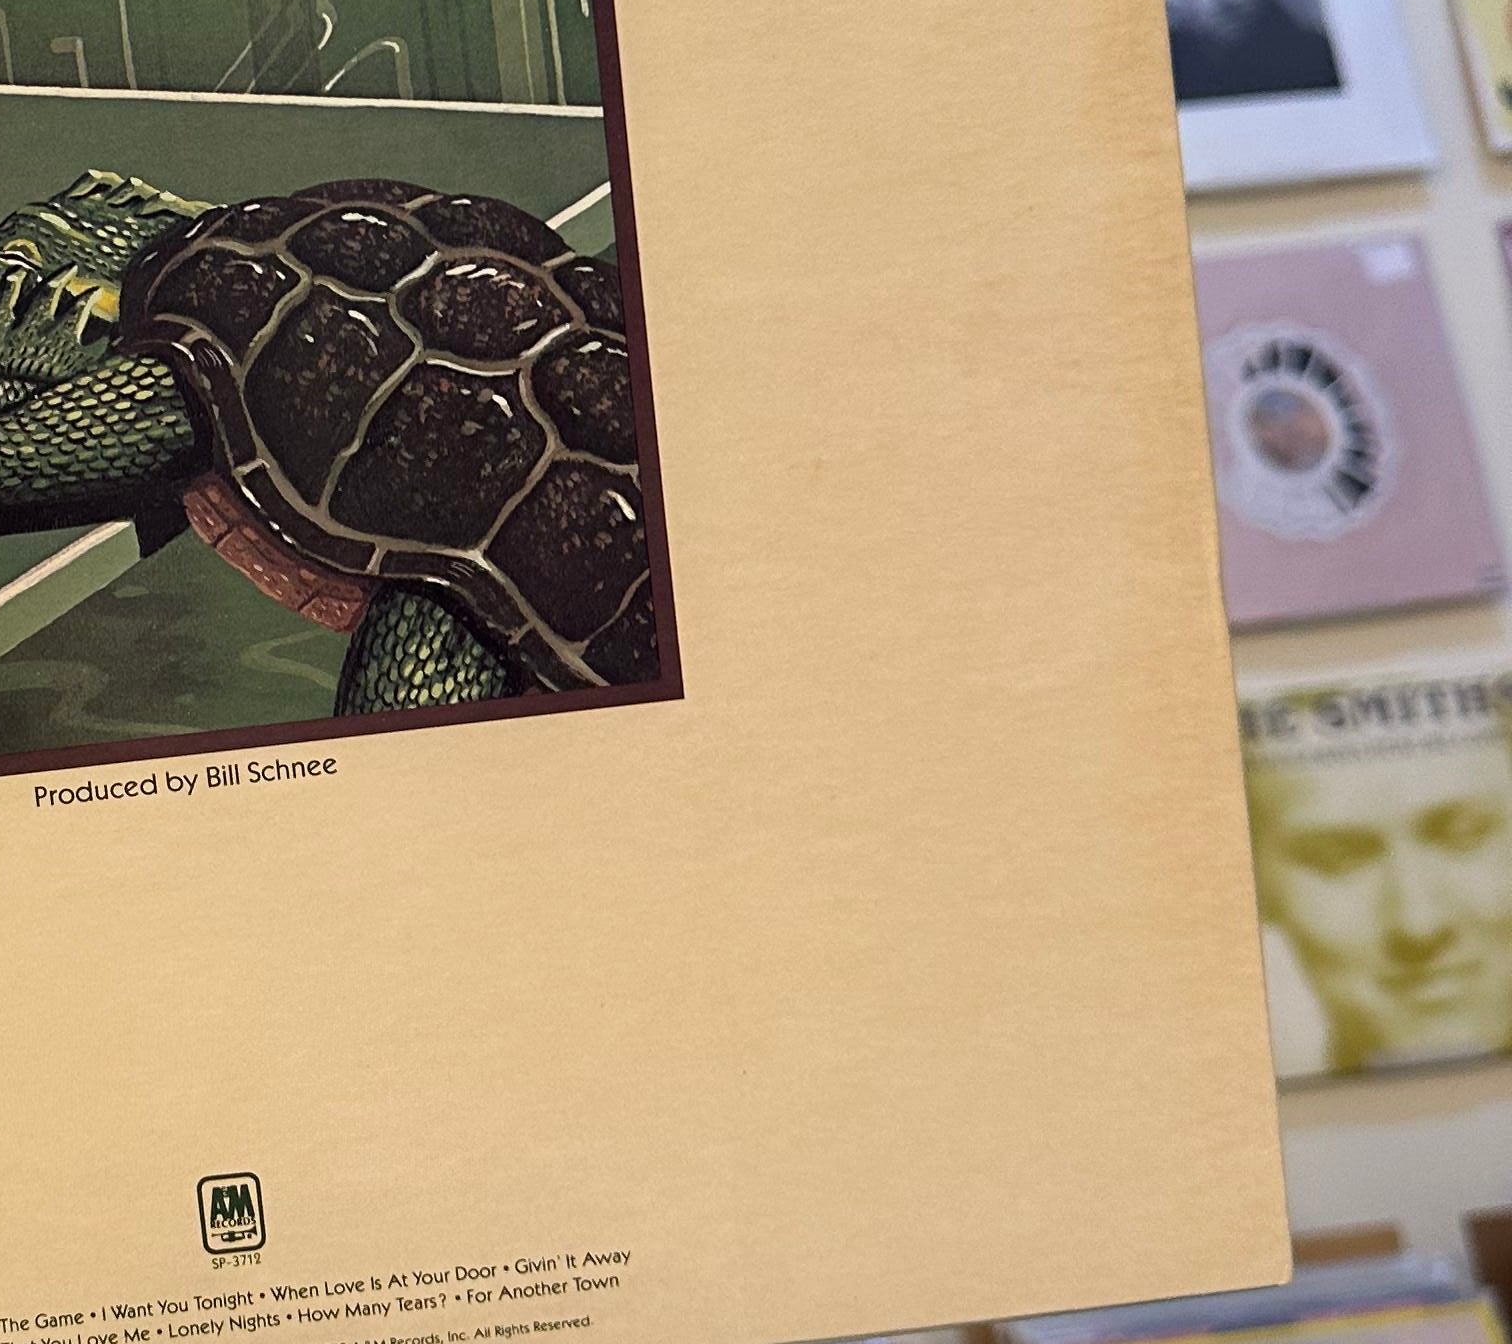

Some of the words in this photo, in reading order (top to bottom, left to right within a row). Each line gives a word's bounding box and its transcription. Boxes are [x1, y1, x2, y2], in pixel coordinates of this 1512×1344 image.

[34, 773, 158, 808] Produced
[165, 771, 199, 796] by
[206, 763, 241, 788] Bill
[247, 758, 338, 784] Schnee
[209, 1216, 257, 1229] RECORDS
[211, 1252, 262, 1270] SP-3712
[34, 1312, 85, 1329] Game
[101, 1306, 107, 1322] I
[110, 1302, 154, 1320] Want
[157, 1299, 189, 1316] You
[193, 1291, 254, 1311] Tonight
[269, 1285, 320, 1302] When
[324, 1280, 365, 1297] Love
[370, 1276, 383, 1291] Is
[387, 1274, 409, 1289] At
[411, 1270, 450, 1286] Your
[455, 1265, 497, 1281] Door
[514, 1255, 561, 1275] Givin'
[565, 1254, 577, 1269] It
[582, 1250, 631, 1267] Away
[124, 1327, 150, 1344] Me
[168, 1319, 224, 1339] Lonely
[229, 1313, 281, 1333] Nights
[297, 1307, 340, 1324] How
[345, 1302, 392, 1318] Many
[395, 1292, 447, 1312] Tears?
[466, 1288, 493, 1304] For
[498, 1281, 568, 1301] Another
[572, 1275, 620, 1292] Town
[446, 1329, 470, 1344] Inc.
[473, 1327, 491, 1340] All
[494, 1323, 531, 1339] Rights
[533, 1315, 594, 1333] Reserved.
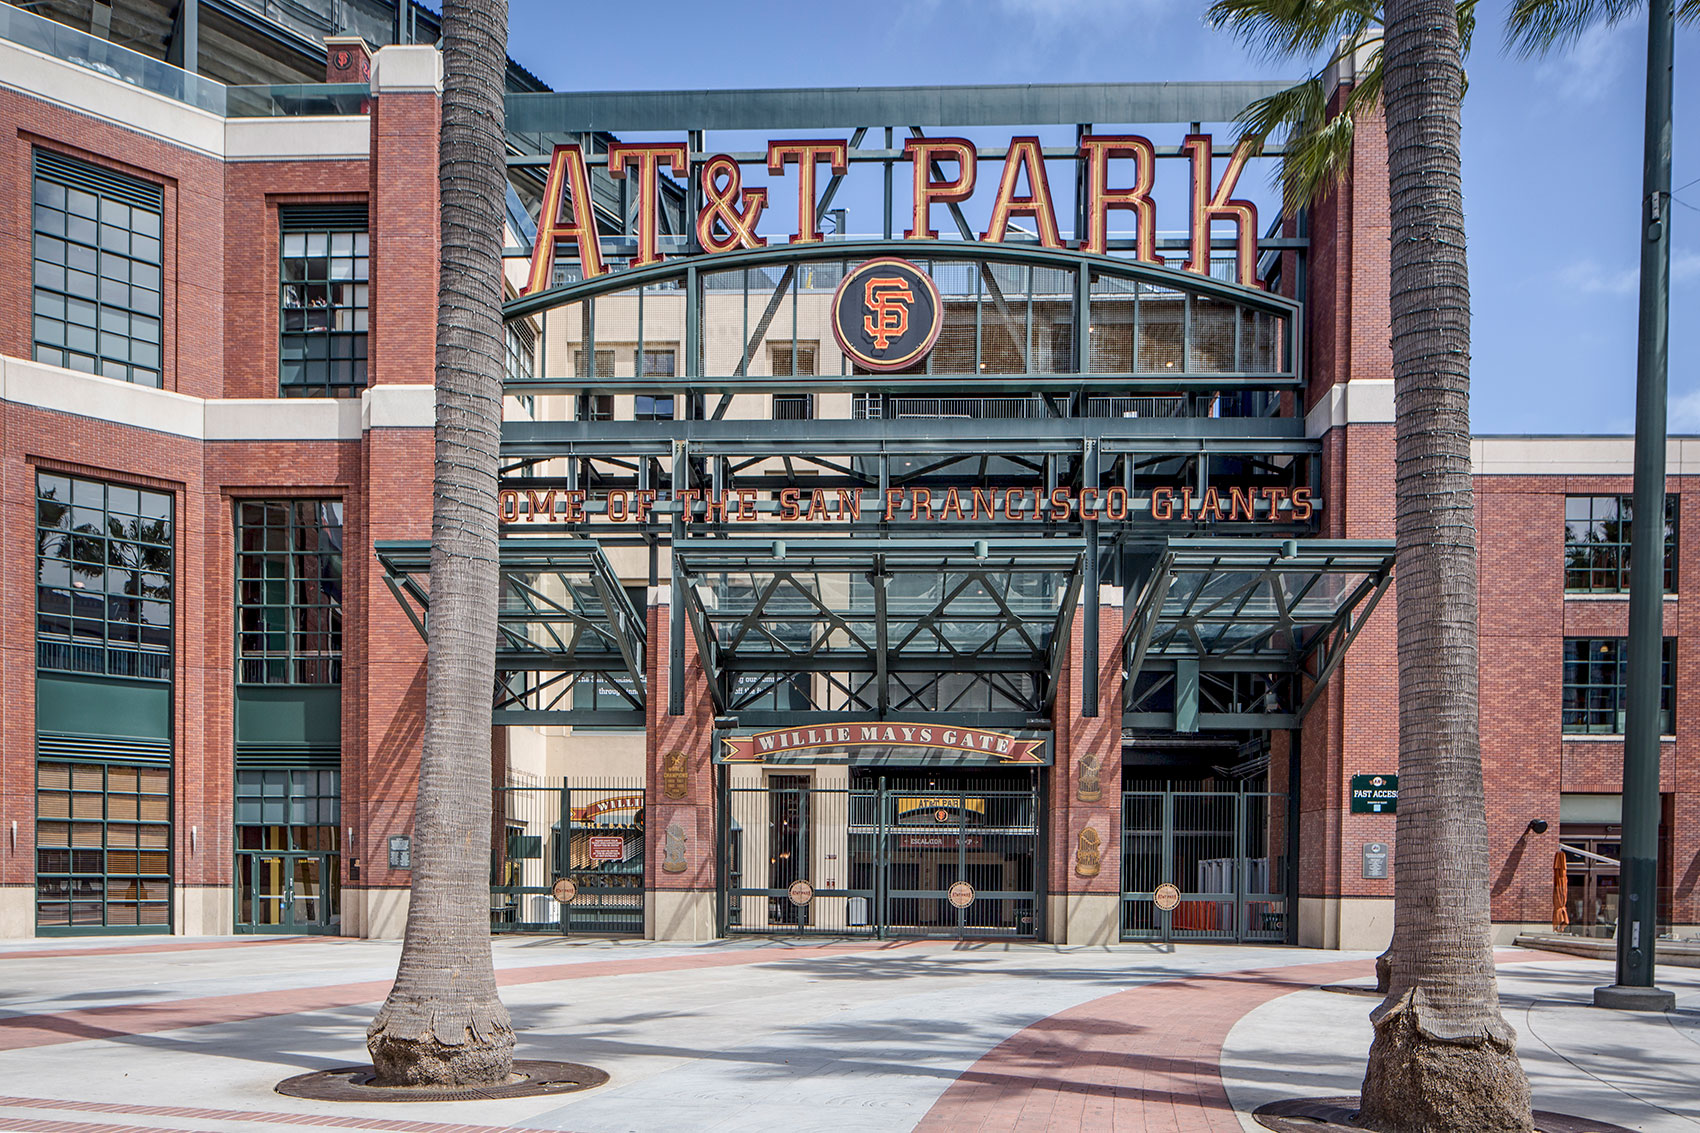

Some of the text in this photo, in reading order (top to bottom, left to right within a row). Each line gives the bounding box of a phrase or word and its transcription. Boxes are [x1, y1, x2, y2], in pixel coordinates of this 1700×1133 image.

[520, 133, 1267, 298] AT&T PARK
[864, 276, 915, 350] SF
[499, 486, 1314, 523] OME OF THE SAN FRANCISCO GIANTS
[598, 687, 621, 696] throug
[758, 726, 1010, 753] WILLIE MAYS GATE
[942, 799, 959, 808] PAR
[1353, 789, 1373, 798] FAST
[597, 798, 643, 812] WILLI
━━━━━━━━
Repeat the lines above, from the one containing "Some of the text" to the final line, word for word and with nothing else.

_Response_:
Some of the text in this photo, in reading order (top to bottom, left to right within a row). Each line gives the bounding box of a phrase or word and its transcription. Boxes are [x1, y1, x2, y2], in pixel coordinates of this 1700×1133 image.

[520, 133, 1267, 298] AT&T PARK
[864, 276, 915, 350] SF
[499, 486, 1314, 523] OME OF THE SAN FRANCISCO GIANTS
[598, 687, 621, 696] throug
[758, 726, 1010, 753] WILLIE MAYS GATE
[942, 799, 959, 808] PAR
[1353, 789, 1373, 798] FAST
[597, 798, 643, 812] WILLI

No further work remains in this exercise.